Although these arcade sequences can be played by clicking on-screen buttons with the mouse, I found the alternate keyboard controls far easier to use. In fact, I wish the keyboard was utilized in more areas. At various points you have to use computer systems that are driven by simple command prompt instructions such as “login”, “help”, and “coords”. The problem is that you cannot use your actual keyboard but instead must type in the commands one letter at a time by clicking on a virtual version of one. This became particularly annoying during the login puzzle, as for each attempt you must laboriously type “login”, then the name you want to try, then the password. This really slows down your ability to try different combinations to find the right solution.
Tardy took me a little over four hours, although play time may vary more than most adventure games depending on how quickly inspiration strikes in solving puzzles. Even so, this probably isn’t a game you’ll finish in one sitting, as you may need a break to mentally recharge between objectives. Just be sure if you do step away that you finish your scene first. The game lacks a proper save system, relying on a checkpoint method instead, with your progress recorded only after completing the current area. Consequently, if you’re in the midst of solving a puzzle and choose to quit, you will have to replay from the start of that level when you return. Most locations comprise one or two major puzzles, usually with smaller steps along the way, so the checkpoints don’t require too much repetition, but it is something to be aware of.

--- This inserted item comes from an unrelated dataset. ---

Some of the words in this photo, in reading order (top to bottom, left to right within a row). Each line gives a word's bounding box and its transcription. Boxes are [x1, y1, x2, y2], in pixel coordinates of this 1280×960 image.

Also of note is the game’s localization. Tardy was developed by the Belarussian team One Wing Cicada, whose first attempt to translate the game into English isn’t the greatest. (A fact that, to their credit, they’ve noted in a post on their Steam forum and are seeking help to improve.) Dialog is presented entirely in text, so there are no voice problems to deal with. At the time I played, the most glaring issues were awkward sentence structures and odd vocabulary choices. Even so, it’s a testament to the game’s story and characters that they rise above these difficulties and remain compelling throughout.

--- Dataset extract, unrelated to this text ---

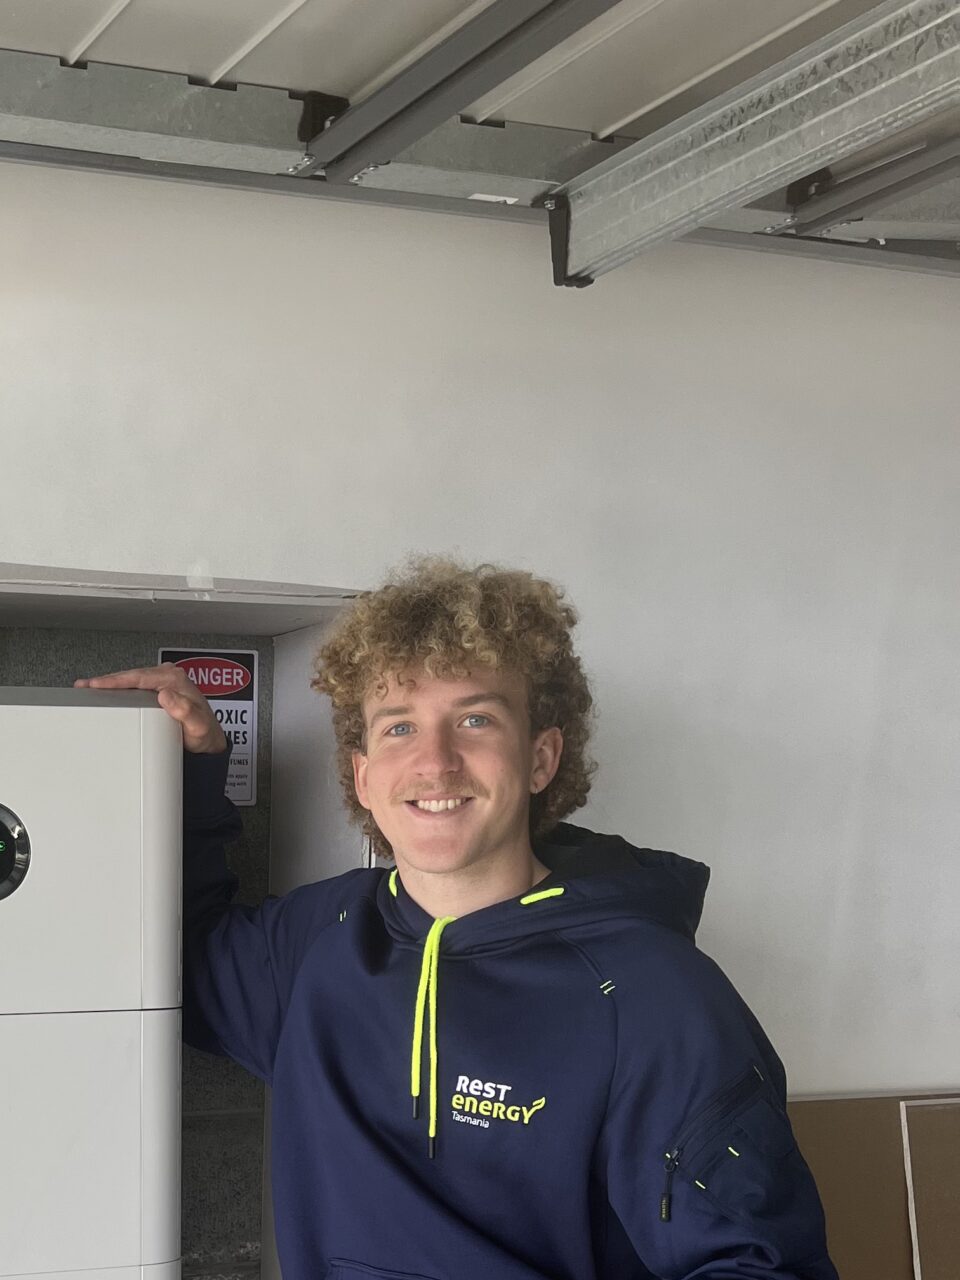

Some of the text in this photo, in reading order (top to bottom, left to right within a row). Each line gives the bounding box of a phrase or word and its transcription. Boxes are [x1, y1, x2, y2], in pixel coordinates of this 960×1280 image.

[187, 667, 244, 686] ANGER
[215, 709, 248, 725] OXIC
[451, 1110, 490, 1129] Tasmania

I really enjoyed Tardy for the most part. Despite a couple overly obscure puzzles and the work-in-progress localization, I found this to be a really solid adventure with a good science fiction story at its core. Making inventory items more tangibly interactive and condensing play into individual scenes results in the game feeling both familiar and yet refreshingly new at the same time. The developer’s commitment to continue improving the game is also heartening to see (they’ve indicated they’re also working on a way to improve the login puzzle), so the experience can only get better from here. If you’re a fan of science fiction or challenging adventure game puzzles, you should definitely consider Tardy.